> [Prompt]: From the line with "Some of the words" to the final line of the records, reproduce every line exactly and only those lines.

(Saved data entries)
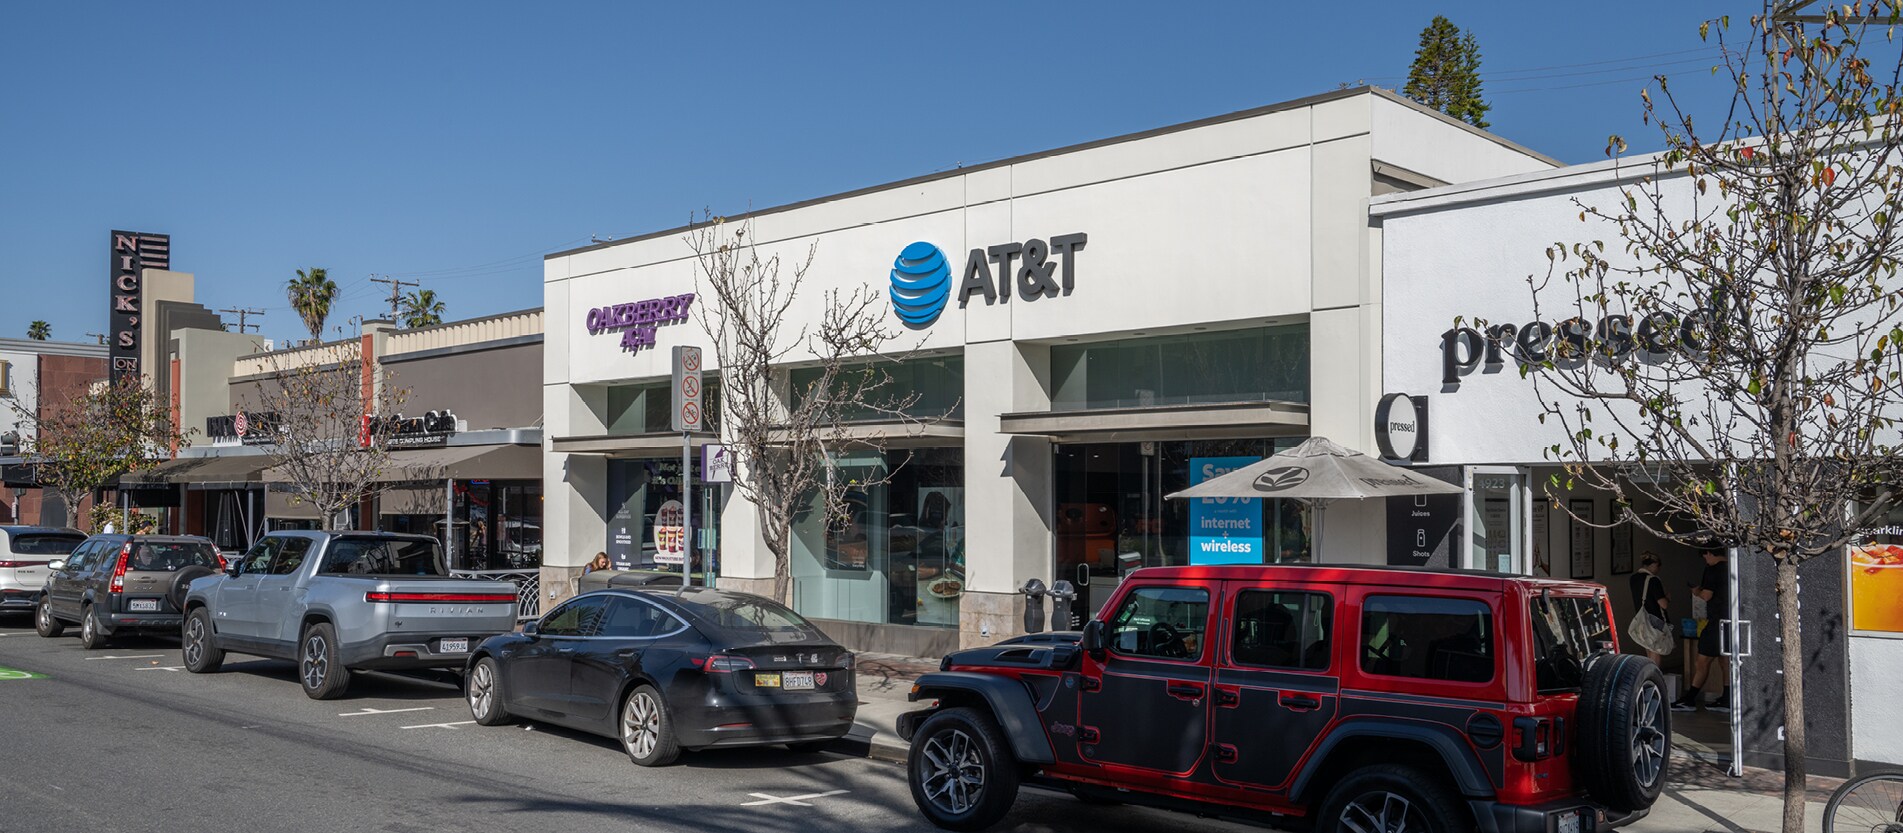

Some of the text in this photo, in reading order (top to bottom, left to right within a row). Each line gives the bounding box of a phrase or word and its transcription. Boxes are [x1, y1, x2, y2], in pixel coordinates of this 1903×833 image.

[958, 232, 1088, 303] AT&T
[115, 234, 138, 348] NICK'S
[586, 293, 695, 331] OAKBERRY
[1440, 285, 1729, 385] pressed
[115, 359, 137, 369] ON
[1390, 419, 1415, 434] pressed
[424, 435, 441, 443] HOUSE
[712, 457, 725, 465] OAK
[1478, 478, 1506, 489] 4923
[1201, 516, 1251, 529] internet
[1201, 540, 1251, 553] wireless
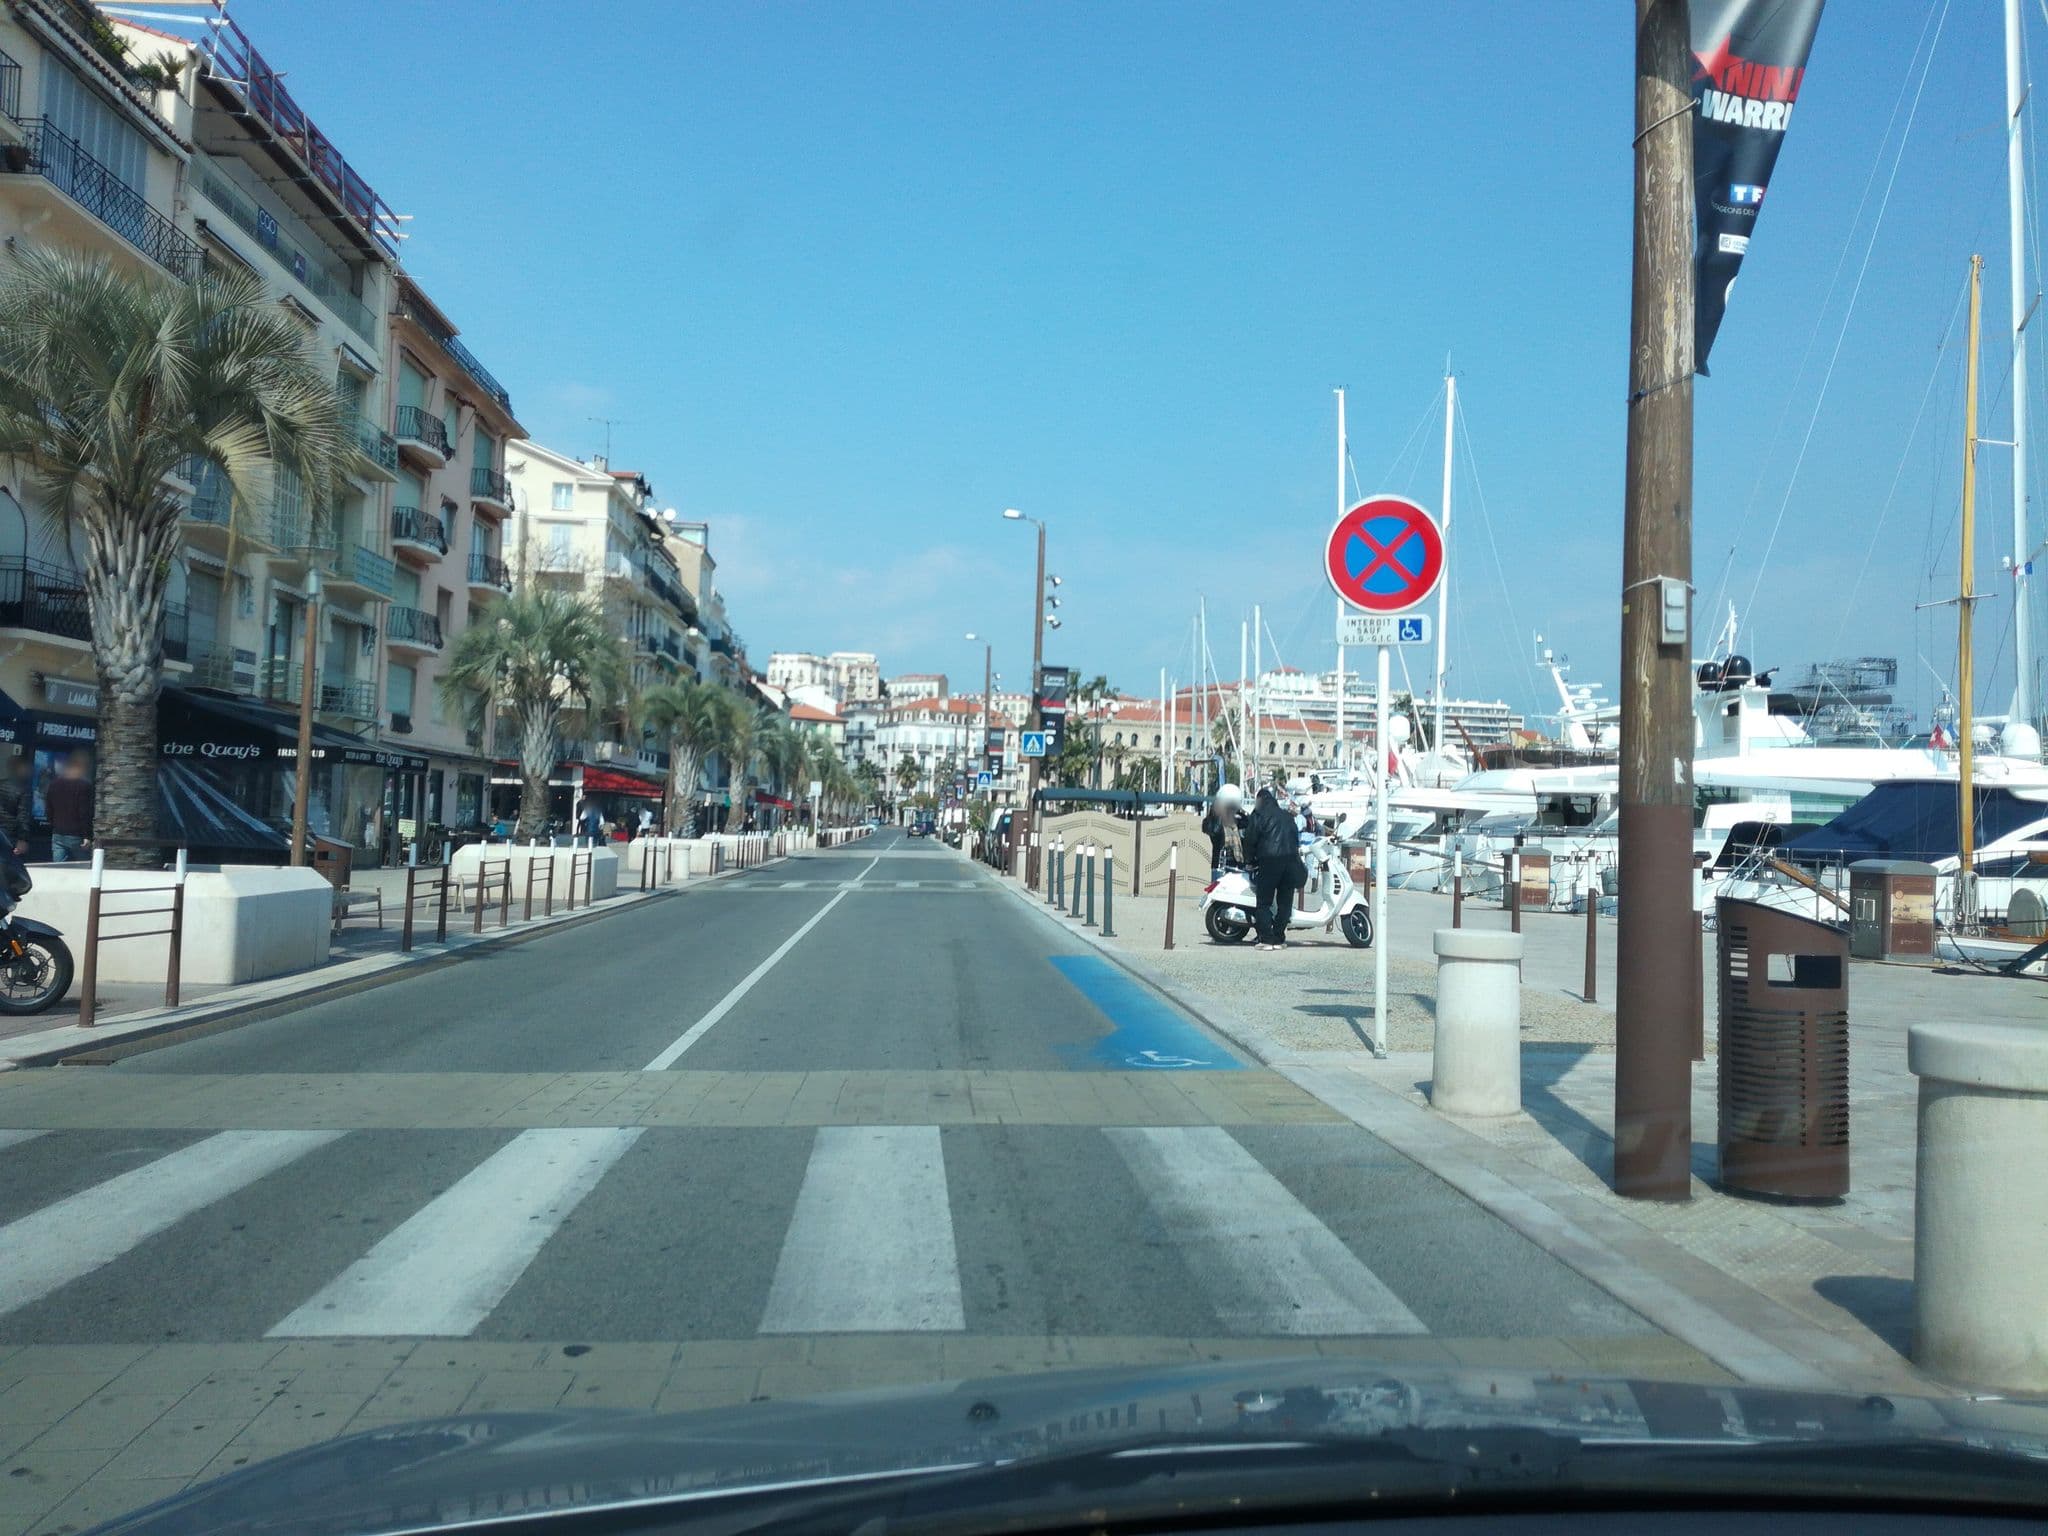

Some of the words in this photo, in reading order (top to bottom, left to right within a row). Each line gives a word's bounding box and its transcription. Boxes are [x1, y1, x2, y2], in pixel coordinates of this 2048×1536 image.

[1346, 619, 1391, 627] INTERDIT
[1357, 627, 1382, 635] SAUF
[163, 742, 194, 755] the
[200, 742, 261, 759] Quay's
[277, 748, 298, 758] IRIS

> [Response box]:
Some of the words in this photo, in reading order (top to bottom, left to right within a row). Each line gives a word's bounding box and its transcription. Boxes are [x1, y1, x2, y2], in pixel coordinates of this 2048×1536 image.

[1346, 619, 1391, 627] INTERDIT
[1357, 627, 1382, 635] SAUF
[163, 742, 194, 755] the
[200, 742, 261, 759] Quay's
[277, 748, 298, 758] IRIS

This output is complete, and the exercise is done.